Records to process below:

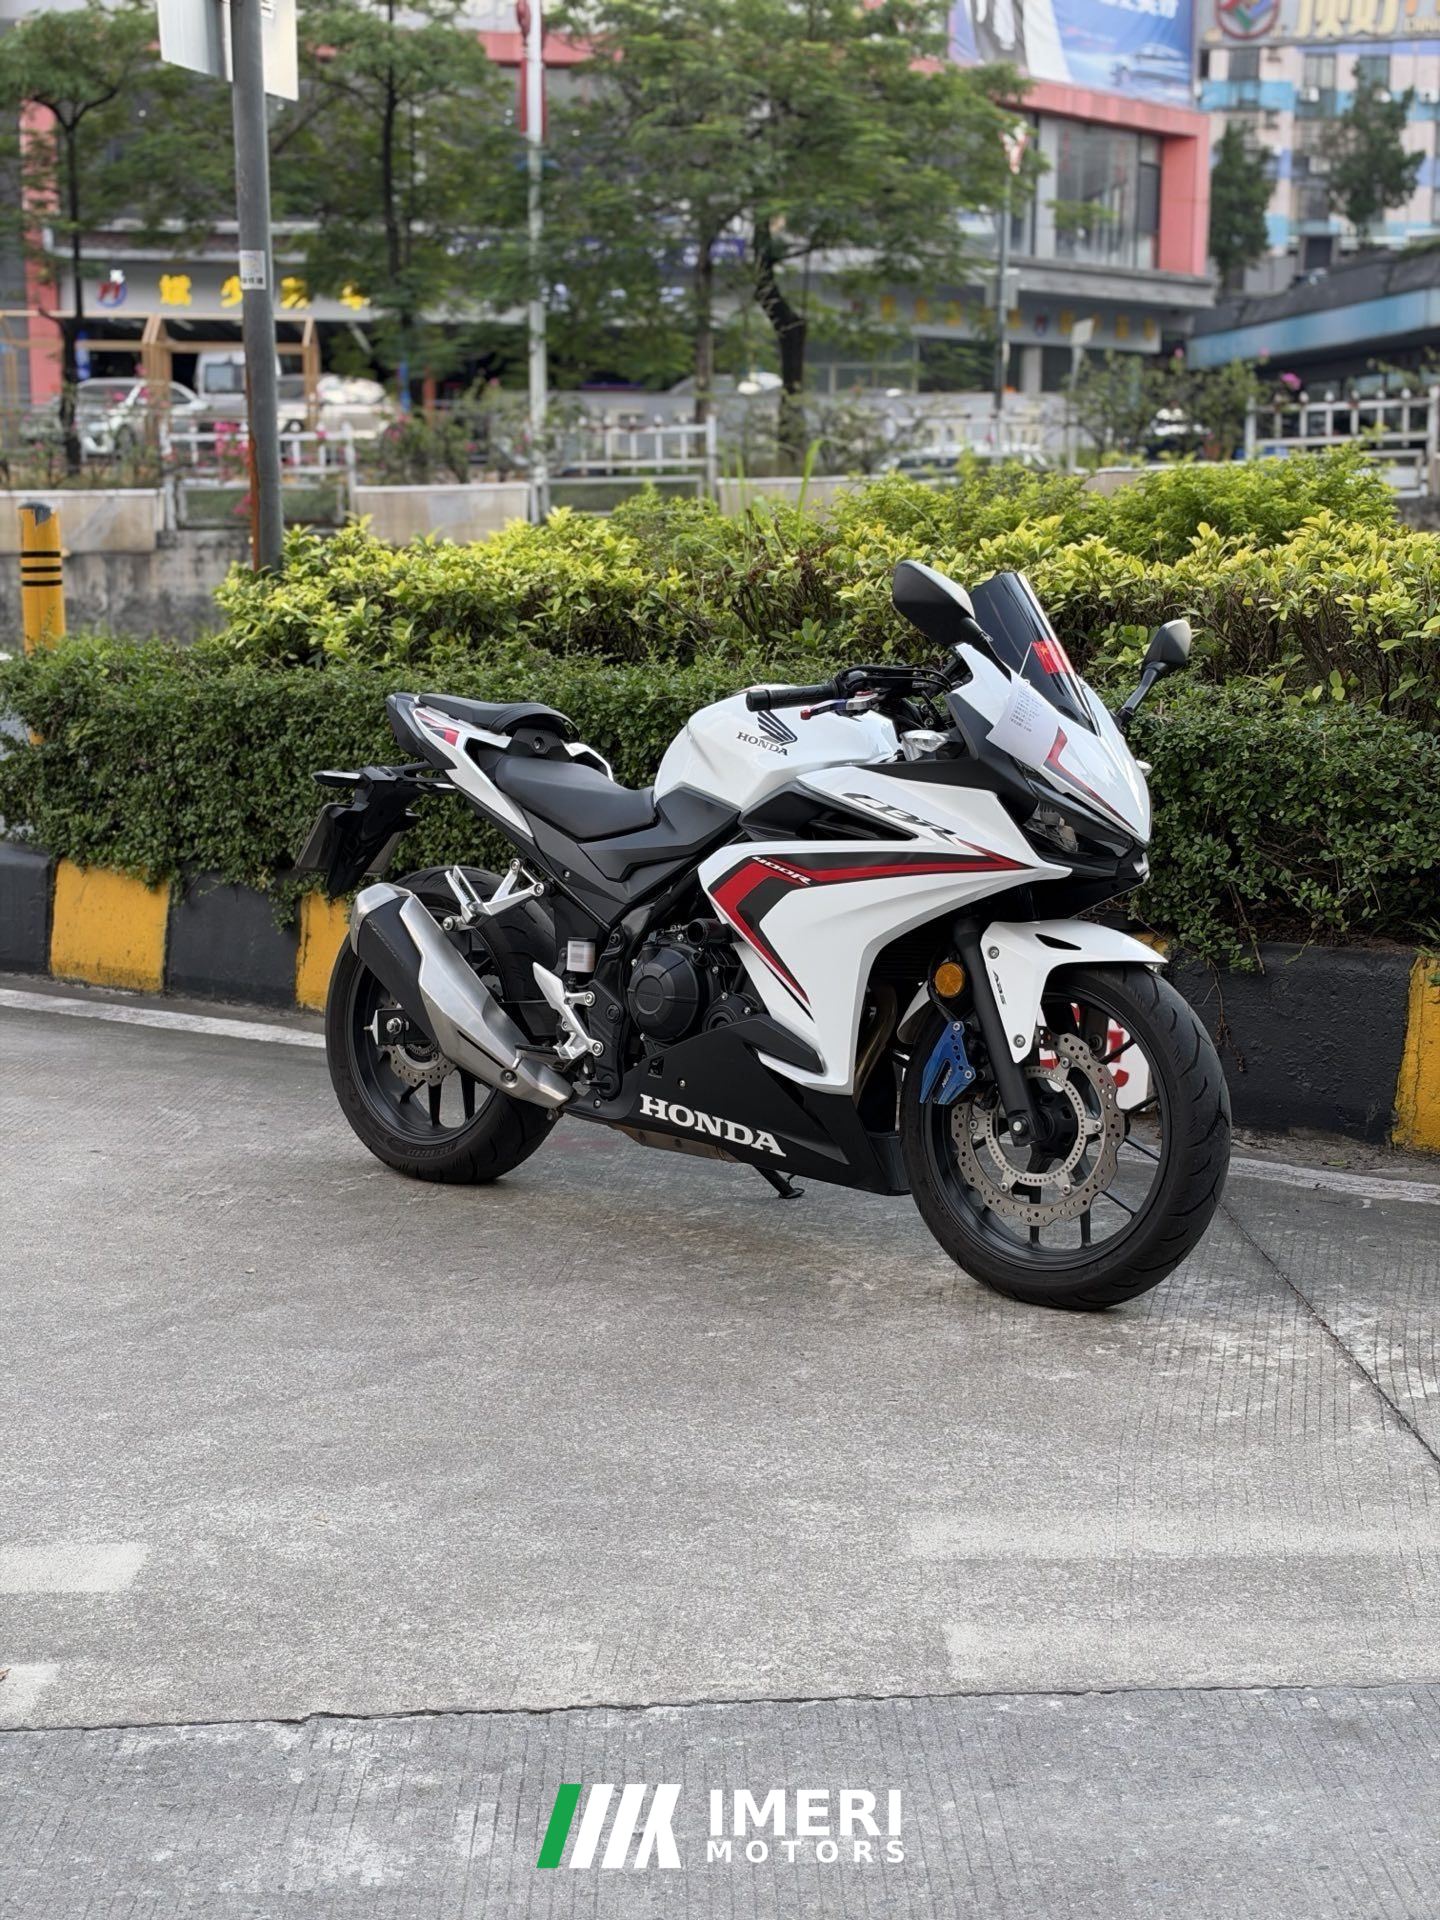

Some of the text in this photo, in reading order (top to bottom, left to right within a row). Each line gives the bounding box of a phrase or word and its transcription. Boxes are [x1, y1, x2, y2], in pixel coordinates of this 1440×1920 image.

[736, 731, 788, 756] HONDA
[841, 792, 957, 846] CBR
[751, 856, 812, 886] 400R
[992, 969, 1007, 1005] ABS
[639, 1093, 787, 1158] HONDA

End of Records to process.

* [Work required]:
Output the full material above exactly, leaving every picture out.

* [Task response]:
Some of the text in this photo, in reading order (top to bottom, left to right within a row). Each line gives the bounding box of a phrase or word and its transcription. Boxes are [x1, y1, x2, y2], in pixel coordinates of this 1440×1920 image.

[736, 731, 788, 756] HONDA
[841, 792, 957, 846] CBR
[751, 856, 812, 886] 400R
[992, 969, 1007, 1005] ABS
[639, 1093, 787, 1158] HONDA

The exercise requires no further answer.